EXERCISE PROMPT: Copy every line of the data below exactly as given, except for the pictures.

SUPPLIED DATA START

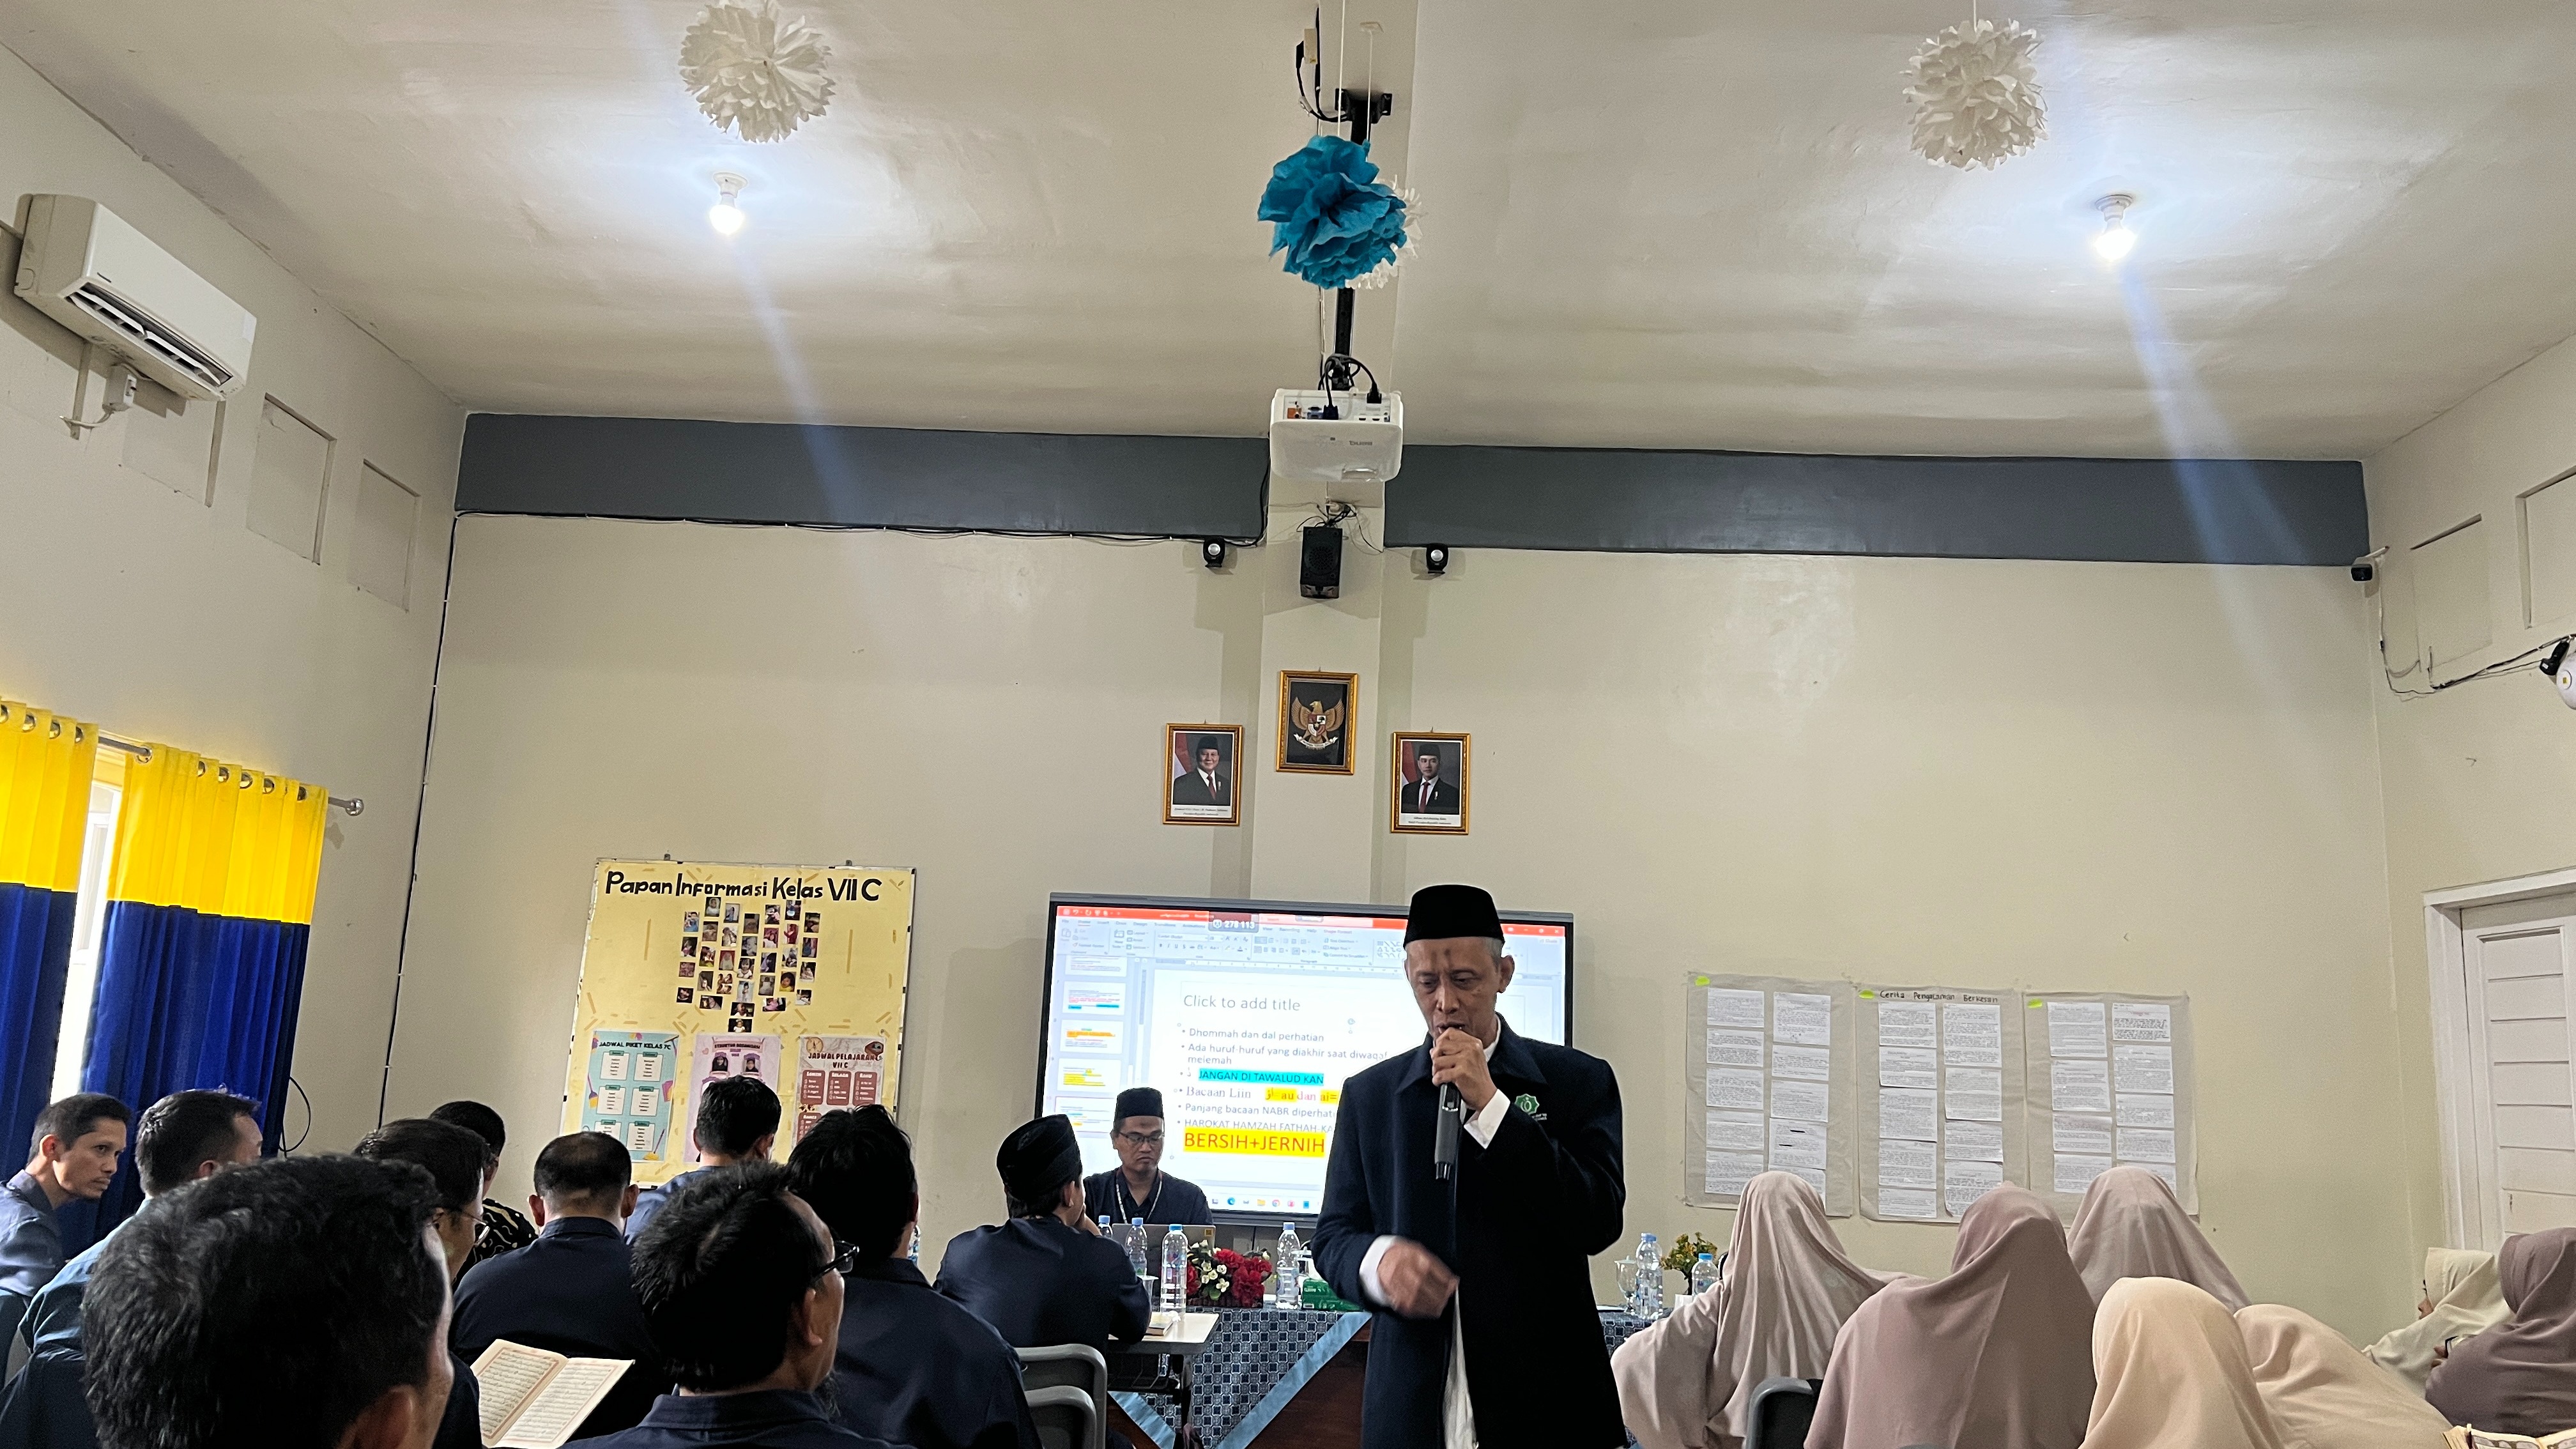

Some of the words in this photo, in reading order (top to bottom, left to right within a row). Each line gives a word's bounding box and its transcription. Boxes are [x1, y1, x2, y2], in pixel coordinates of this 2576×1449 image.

[605, 871, 673, 895] Papan
[675, 873, 767, 897] Informasi
[772, 877, 823, 900] Kelas
[827, 877, 857, 901] VII
[861, 878, 882, 901] C
[1183, 995, 1216, 1008] Click
[1222, 997, 1236, 1008] to
[1240, 997, 1268, 1009] add
[1272, 998, 1301, 1011] title
[1880, 990, 1905, 999] Cerita
[1913, 992, 1955, 1002] Pengalaman
[1963, 994, 1998, 1003] Berkesan
[1189, 1028, 1238, 1038] Dhommah
[1241, 1030, 1259, 1039] dan
[1262, 1031, 1276, 1039] dal
[1278, 1032, 1324, 1042] perhatian
[1188, 1043, 1207, 1052] Ada
[1209, 1045, 1265, 1055] huruf-huruf
[1268, 1048, 1289, 1057] yang
[1292, 1047, 1324, 1057] diakhir
[1328, 1050, 1347, 1059] saat
[1188, 1055, 1232, 1064] melemah
[1199, 1070, 1239, 1080] JANGAN
[1241, 1071, 1252, 1081] DI
[1254, 1073, 1300, 1083] TAWALUD
[1304, 1075, 1324, 1084] KAN
[1186, 1086, 1225, 1098] Bacaan
[1229, 1087, 1251, 1099] Liin
[1297, 1091, 1316, 1101] dan
[1185, 1103, 1223, 1114] Panjang
[1226, 1105, 1259, 1114] bacaan
[1262, 1107, 1289, 1116] NABR
[1184, 1119, 1230, 1128] HAROKAT
[1233, 1121, 1276, 1131] HAMZAH
[1184, 1132, 1324, 1153] BERSIH+JERNIH

SUPPLIED DATA END

SOLUTION TO THIS EXERCISE:
Some of the words in this photo, in reading order (top to bottom, left to right within a row). Each line gives a word's bounding box and its transcription. Boxes are [x1, y1, x2, y2], in pixel coordinates of this 2576×1449 image.

[605, 871, 673, 895] Papan
[675, 873, 767, 897] Informasi
[772, 877, 823, 900] Kelas
[827, 877, 857, 901] VII
[861, 878, 882, 901] C
[1183, 995, 1216, 1008] Click
[1222, 997, 1236, 1008] to
[1240, 997, 1268, 1009] add
[1272, 998, 1301, 1011] title
[1880, 990, 1905, 999] Cerita
[1913, 992, 1955, 1002] Pengalaman
[1963, 994, 1998, 1003] Berkesan
[1189, 1028, 1238, 1038] Dhommah
[1241, 1030, 1259, 1039] dan
[1262, 1031, 1276, 1039] dal
[1278, 1032, 1324, 1042] perhatian
[1188, 1043, 1207, 1052] Ada
[1209, 1045, 1265, 1055] huruf-huruf
[1268, 1048, 1289, 1057] yang
[1292, 1047, 1324, 1057] diakhir
[1328, 1050, 1347, 1059] saat
[1188, 1055, 1232, 1064] melemah
[1199, 1070, 1239, 1080] JANGAN
[1241, 1071, 1252, 1081] DI
[1254, 1073, 1300, 1083] TAWALUD
[1304, 1075, 1324, 1084] KAN
[1186, 1086, 1225, 1098] Bacaan
[1229, 1087, 1251, 1099] Liin
[1297, 1091, 1316, 1101] dan
[1185, 1103, 1223, 1114] Panjang
[1226, 1105, 1259, 1114] bacaan
[1262, 1107, 1289, 1116] NABR
[1184, 1119, 1230, 1128] HAROKAT
[1233, 1121, 1276, 1131] HAMZAH
[1184, 1132, 1324, 1153] BERSIH+JERNIH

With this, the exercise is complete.